LUIS  ALONSO RICO PUERTA  

Magistrado  Ponente  

STC14442-2022  

Radicación  n.° 66001-22-13-000-2022-00345-01  

(Aprobado  en sesión de veintiséis de octubre de dos mil  veintidós)  

Bogotá,  D.C., veintiséis (26) de octubre de dos mil veintidós  (2022).  

Decide  la Corte la impugnación formulada frente a la sentencia  proferida por la Sala  Civil Familia del Tribunal Superior del Distrito Judicial de Pereira  el  3 de octubre de 2022, dentro de la acción de tutela promovida  por Sebastián  Ramírez Jaramillo contra  el Juzgado  Segundo Civil del Circuito de esa ciudad,  trámite al cual fueron vinculados los intervinientes en  el litigio  n.º 2022-00383.  

ANTECEDENTES  

1.   Actuando en nombre propio, el promotor  reclamó la protección del derecho fundamental al debido  proceso, presuntamente vulnerado por la autoridad judicial convocada.  

2.        Del  escrito introductor y los medios de prueba allegados, se extractan  los siguientes hechos jurídicamente relevantes:  

El  1° de abril de 2022, el gestor presentó  acción popular contra Productos Alimenticios La Locura S.A.,  debido  a que, supuestamente, «es  un establecimiento de comercio comercial abierto al publico (sic)  [que] en  la actualidad tiene una construcción anti-técnica a tal  punto que los discapacitados o disminuidos físicos ciudadanos  que se movilizan en Silla de Ruedas, no pueden ingresar a dicho  inmueble, pues no existe ACCESIBILIDAD, como lo ordena la ley 361 de  1997, violando igualmente algunos literales de la ley 472 de 1998»,  cuyo  conocimiento correspondió al fallador enjuiciado.  
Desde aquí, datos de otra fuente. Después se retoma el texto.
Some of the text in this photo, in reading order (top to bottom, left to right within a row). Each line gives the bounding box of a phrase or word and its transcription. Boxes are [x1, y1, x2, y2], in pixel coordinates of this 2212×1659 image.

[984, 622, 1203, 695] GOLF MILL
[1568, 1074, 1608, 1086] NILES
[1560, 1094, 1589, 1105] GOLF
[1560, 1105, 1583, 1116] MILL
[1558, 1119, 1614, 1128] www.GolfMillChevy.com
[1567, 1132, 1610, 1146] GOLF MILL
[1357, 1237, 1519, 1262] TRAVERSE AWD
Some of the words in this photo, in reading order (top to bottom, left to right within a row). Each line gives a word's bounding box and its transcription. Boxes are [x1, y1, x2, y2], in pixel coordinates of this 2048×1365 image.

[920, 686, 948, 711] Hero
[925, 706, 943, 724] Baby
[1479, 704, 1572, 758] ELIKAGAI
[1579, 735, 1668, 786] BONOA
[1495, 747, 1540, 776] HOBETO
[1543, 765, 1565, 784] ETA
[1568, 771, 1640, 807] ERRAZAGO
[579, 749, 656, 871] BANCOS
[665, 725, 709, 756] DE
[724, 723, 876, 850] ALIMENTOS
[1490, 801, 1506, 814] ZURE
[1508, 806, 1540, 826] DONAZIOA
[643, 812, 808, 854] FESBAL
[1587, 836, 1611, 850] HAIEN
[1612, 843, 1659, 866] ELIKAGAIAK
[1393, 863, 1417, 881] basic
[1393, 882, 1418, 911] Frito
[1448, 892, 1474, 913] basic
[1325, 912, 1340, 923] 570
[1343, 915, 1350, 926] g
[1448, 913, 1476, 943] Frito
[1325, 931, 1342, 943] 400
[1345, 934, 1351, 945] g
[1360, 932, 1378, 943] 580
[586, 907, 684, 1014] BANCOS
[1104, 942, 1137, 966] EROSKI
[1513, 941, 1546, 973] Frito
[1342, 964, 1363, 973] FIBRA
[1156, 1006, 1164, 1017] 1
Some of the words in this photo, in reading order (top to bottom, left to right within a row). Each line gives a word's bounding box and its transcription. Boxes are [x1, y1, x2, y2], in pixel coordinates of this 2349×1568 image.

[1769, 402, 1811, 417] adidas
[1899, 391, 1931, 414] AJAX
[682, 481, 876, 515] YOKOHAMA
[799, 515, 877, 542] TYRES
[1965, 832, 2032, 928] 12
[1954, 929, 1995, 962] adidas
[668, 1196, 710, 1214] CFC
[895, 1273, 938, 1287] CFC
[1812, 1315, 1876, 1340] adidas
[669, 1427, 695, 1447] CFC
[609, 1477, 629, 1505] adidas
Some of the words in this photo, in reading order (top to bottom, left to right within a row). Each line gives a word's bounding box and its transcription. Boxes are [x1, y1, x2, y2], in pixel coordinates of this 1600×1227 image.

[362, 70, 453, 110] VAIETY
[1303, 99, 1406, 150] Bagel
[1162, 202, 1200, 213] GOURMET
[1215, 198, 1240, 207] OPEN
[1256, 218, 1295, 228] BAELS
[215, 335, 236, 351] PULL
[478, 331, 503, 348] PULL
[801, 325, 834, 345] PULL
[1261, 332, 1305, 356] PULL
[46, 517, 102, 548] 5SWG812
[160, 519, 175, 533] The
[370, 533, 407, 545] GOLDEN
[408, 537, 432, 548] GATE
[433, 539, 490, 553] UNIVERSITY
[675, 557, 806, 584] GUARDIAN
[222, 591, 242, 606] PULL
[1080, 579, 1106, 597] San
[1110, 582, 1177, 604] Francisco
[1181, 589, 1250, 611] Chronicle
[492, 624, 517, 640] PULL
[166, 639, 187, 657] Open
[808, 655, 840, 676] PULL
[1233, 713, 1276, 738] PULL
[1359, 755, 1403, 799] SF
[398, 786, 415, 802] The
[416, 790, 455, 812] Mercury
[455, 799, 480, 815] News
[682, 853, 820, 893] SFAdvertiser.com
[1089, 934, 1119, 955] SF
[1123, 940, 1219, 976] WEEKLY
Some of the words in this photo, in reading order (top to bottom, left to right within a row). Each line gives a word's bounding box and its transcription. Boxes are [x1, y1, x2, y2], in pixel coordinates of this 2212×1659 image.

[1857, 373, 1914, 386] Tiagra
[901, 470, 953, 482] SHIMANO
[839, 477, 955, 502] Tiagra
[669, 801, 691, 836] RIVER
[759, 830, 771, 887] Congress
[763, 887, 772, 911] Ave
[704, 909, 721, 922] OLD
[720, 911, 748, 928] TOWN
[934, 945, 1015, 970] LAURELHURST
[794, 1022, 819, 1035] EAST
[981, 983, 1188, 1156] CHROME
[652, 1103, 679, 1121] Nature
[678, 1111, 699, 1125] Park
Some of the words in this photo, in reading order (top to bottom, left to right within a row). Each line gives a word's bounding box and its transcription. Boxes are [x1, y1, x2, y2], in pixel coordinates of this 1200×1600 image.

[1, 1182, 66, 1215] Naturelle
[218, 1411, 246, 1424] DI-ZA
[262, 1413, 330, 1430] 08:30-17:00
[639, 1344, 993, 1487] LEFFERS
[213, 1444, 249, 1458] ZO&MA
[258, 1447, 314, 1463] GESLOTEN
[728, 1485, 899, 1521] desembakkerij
Una  vez enterado el inicio del trámite a la comunidad mediante  aviso fijado el 23 de junio de los corrientes, por auto del 15 de  julio siguiente se programó fecha y hora para llevar a cabo la  audiencia de pacto de cumplimiento, y, el pasado 11 de agosto se  ordenó la vinculación de la Lotería de Risaralda  para integrar el litisconsorcio necesario por la parte pasiva,  decisiones que fueron atacadas en reposición por el actor, por  cuanto a su juicio, la citada diligencia debe realizarse «en  el mes de julio o agosto de 2022 (…) y además en el  mismo día (…) todas las acciones populares a mi nombre,  ya que no asistiré a pacto alguno»; y  además, «NO  ES NECESARIO VINCULAR AL PROPIETARIO DEL INMUEBLE donde preste el  servicio publico (sic)  el  establecimiento comercial accionado»; no  obstante, mediante proveídos del 5 y 9 de septiembre pasado se  desestimaron los citados mecanismos.  

Finalmente  aduce el solicitante, que como «no  hay pruebas por decretar»,  es  deber del fallador resolver anticipadamente el asunto.  

3.        En  consecuencia, pretende que se ordene a la célula cognoscente,  en lo fundamental, «proferir sentencia  anticipada como lo permite el art 278 CGP, pues no hay pruebas por  practicar», y, «la  nulidad  de las vinculaciones que pretende hacer el tutelado».  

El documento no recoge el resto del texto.